I'm looking at different mortgage loans, and I've seen some offers for a 5/1 ARM? What does that mean?
When you begin considering your mortgage options, one of the loans you might run into is the 5/1 ARM. This is a loan that starts out with a five-year fixed rate, and then switches to a variable rate, which changes once a year during the remaining years of the loan. That is what the 5/1 means: The loan is fixed for the first five years, and each year after that, the interest rate adjusts. The fact that the interest rate (and your monthly payment) only changes periodically therefore gives a 5/1 ARM a level of stability relative to other ARMs, which have rates that may change on a monthly or semiannual basis.
The 5/1 ARM can be an attractive mortgage option because it often starts with a fairly low interest rate. The introductory interest rate is usually lower than what you would see with a fixed rate loan – sometimes by as much as a full percentage point. However, you should be prepared for the fact that when the five-year fixed-rate period ends, your interest rate, and your monthly payment, could rise. Most ARMs come with a cap. This cap can either be a periodic cap, which limits the amount that the rate can rise each interest period (often quarterly or annually), or a lifetime cap, which limits the total increase for the interest rate over the lifetime of the loan.

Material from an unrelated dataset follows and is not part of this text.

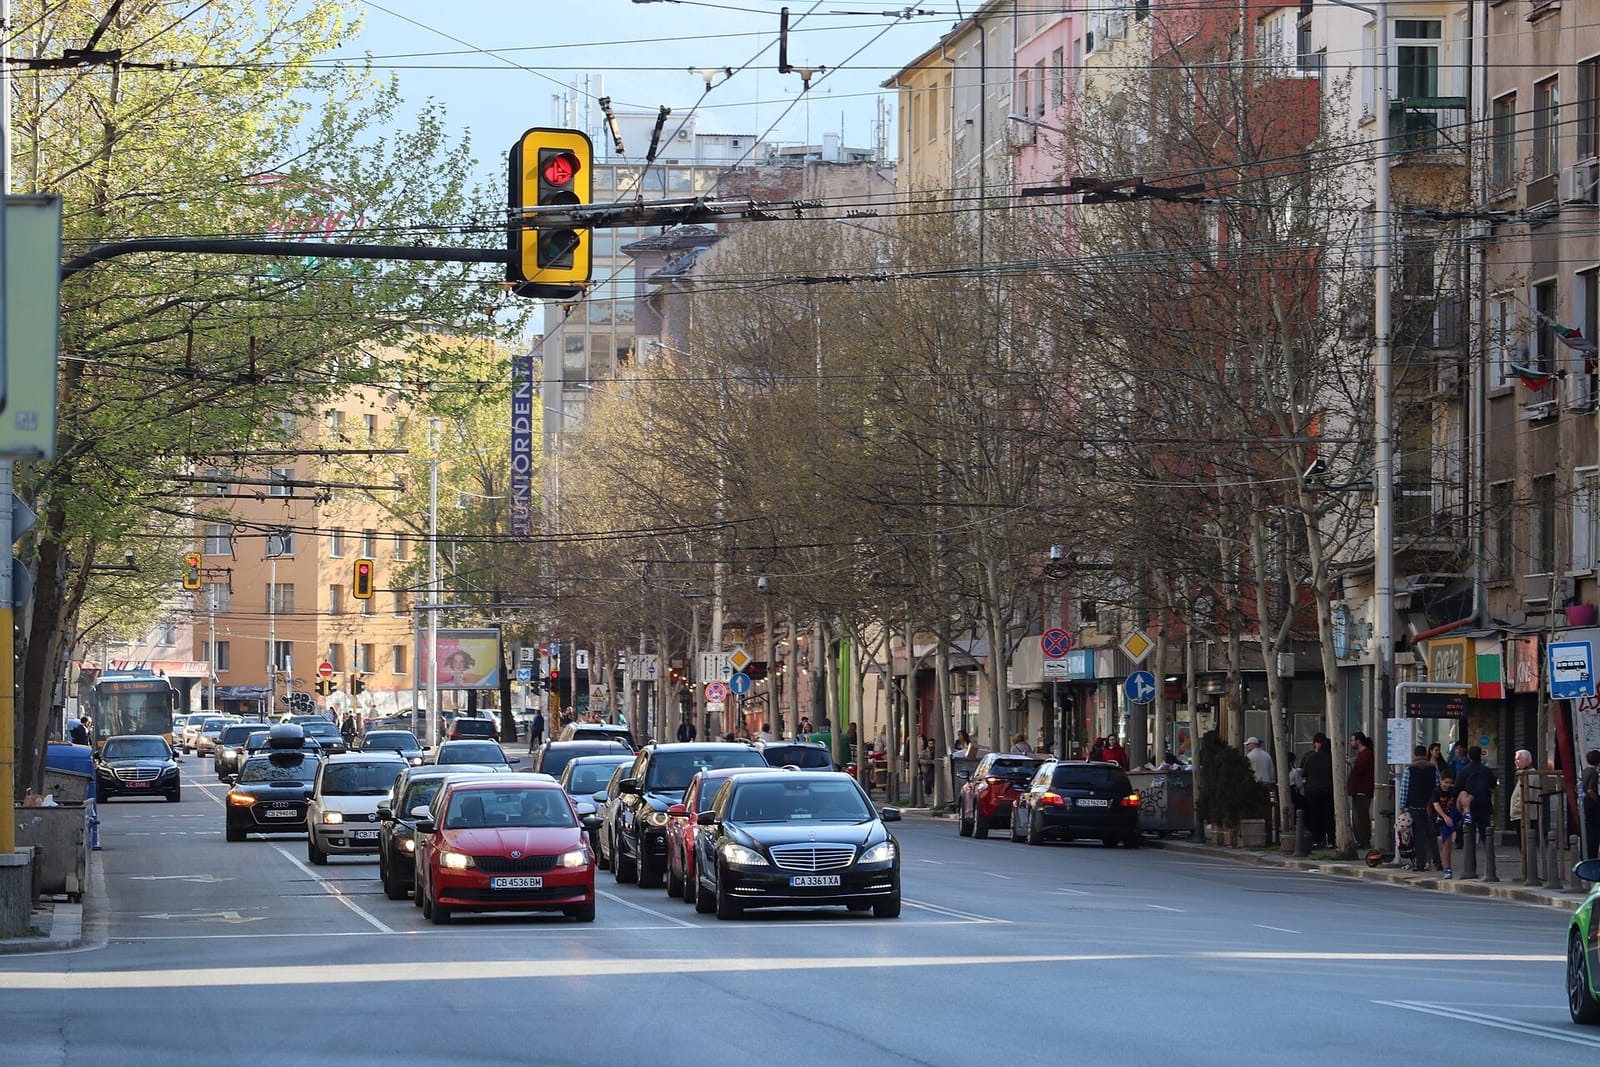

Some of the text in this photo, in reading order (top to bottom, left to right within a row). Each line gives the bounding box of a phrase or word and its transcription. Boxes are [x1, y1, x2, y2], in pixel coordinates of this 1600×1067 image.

Many homeowners start with a 5/1 ARM intending to refinance to a fixed-rate loan before the initial period expires. Freddie Mac reports that the average pay off period for mortgage loans is a little less than four years. This means that many owners either sell or refinance (or foreclose) within this time period. Even during 2008 and 2009 when that average bumped up, it still remained less than five years. To be able to refinance you will need to have a certain amount of equity in your home; if refinancing is your plan, you should figure out the loan you want to eventually take and make sure you will qualify for it under your current schedule.